Turkey tells banks to set aside extra cash for $8 billion in bad debt

Turkey told its banks to set aside loss provisions for an additional 46 billion liras ($8 billion) in non-performing loans (NPLs) as it sought to clean up the industry following last year’s currency crisis.

The debt is mainly owed by companies operating in the energy and construction industries, the country’s banking regulator said in a written statement on Tuesday. The re-classification of the loans and the required provisioning must be made by the end of the year, it said.

Turkish builders and energy firms have been hit hard by the currency crisis, which sparked a surge in interest rates and inflation. Tens of billions of dollars of loans taken out in foreign currency became more costly to repay. The lira lost 28 percent of its value in 2018 and is down about 8 percent against the dollar this year.

The regulator said the re-classification of the debt meant the ratio of NPLs to total loans rose to 6.3 percent from 4.6 percent. It had previously predicted that the ratio could increase to 6 percent by the end of the year.
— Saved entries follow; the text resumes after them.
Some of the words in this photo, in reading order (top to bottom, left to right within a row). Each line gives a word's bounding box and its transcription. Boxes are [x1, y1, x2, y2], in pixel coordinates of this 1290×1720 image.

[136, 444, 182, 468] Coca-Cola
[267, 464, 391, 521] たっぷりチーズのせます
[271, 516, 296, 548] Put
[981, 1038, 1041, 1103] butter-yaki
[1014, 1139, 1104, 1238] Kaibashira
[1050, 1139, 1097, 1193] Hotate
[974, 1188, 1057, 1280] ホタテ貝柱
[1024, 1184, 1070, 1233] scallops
The government had grown impatient with progress on cleaning up bad debts in the banking industry, Reuters reported, citing an unnamed Treasury official.Investors have been calling on the government to take action since the currency turmoil peaked in August last year.
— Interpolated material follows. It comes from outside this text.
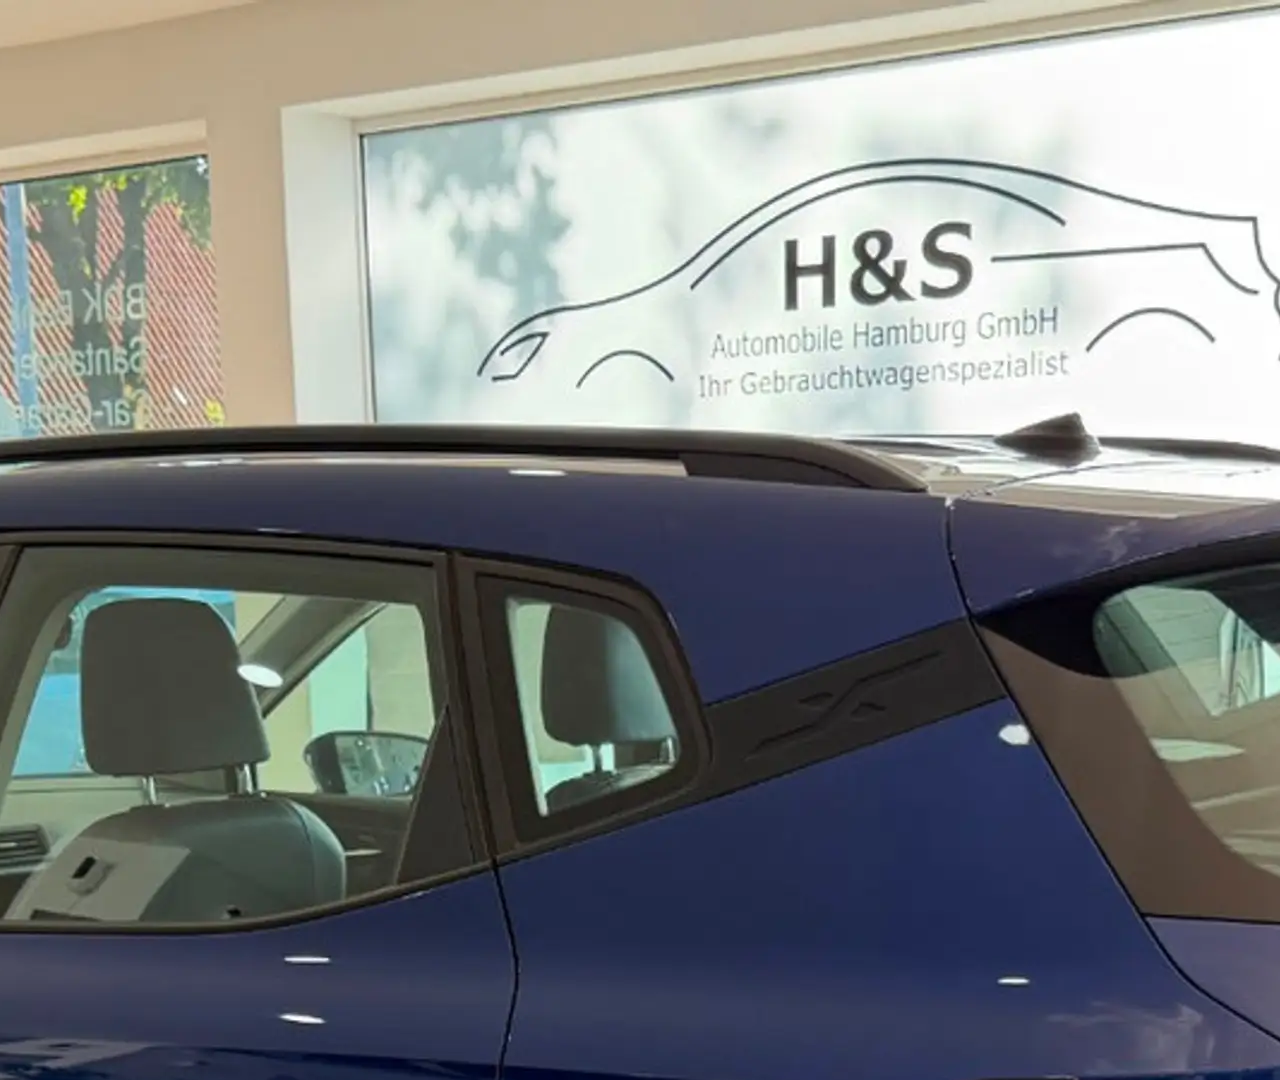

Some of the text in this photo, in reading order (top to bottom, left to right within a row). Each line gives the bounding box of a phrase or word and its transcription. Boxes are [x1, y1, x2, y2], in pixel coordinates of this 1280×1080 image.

[783, 221, 974, 312] H&S
[709, 306, 1060, 359] Automobile Hamburg GmbH
[697, 352, 1071, 399] Ihr Gebrauchtwagenspezialist
Banks and investors held meetings this year as Turkey sought to shift tens of billions of dollars of the loans into special funds, but talks had stalled over basic principles including what defined an NPL. Energy companies alone have some $50 billion in outstanding debt.

The banking regulator provided no details about whether more loans would be reclassified in its statement on Tuesday.

All of Turkey’s largest infrastructure projects, including a new mega airport in Istanbul, were financed with foreign currency loans, mainly secured from local banks. Energy companies’ profits have also suffered in recent years as the government sought to supress the prices they charge for electricity.

Ratings agency Fitch is among institutions that have warned that NPLs could worsen significantly. Analysts have warned that banks’ capital buffers were dangerously thin.

The banking regulator said the capital adequacy ratio of the banking industry, a key measure of financial strength, would fall to 17.7 percent from 18.2 percent as a result of the new provisioning. The regulator said the ratio was still more than double the 8 percent minimum set out under Basel III international banking guidelines. It did not say how it calculated the figures.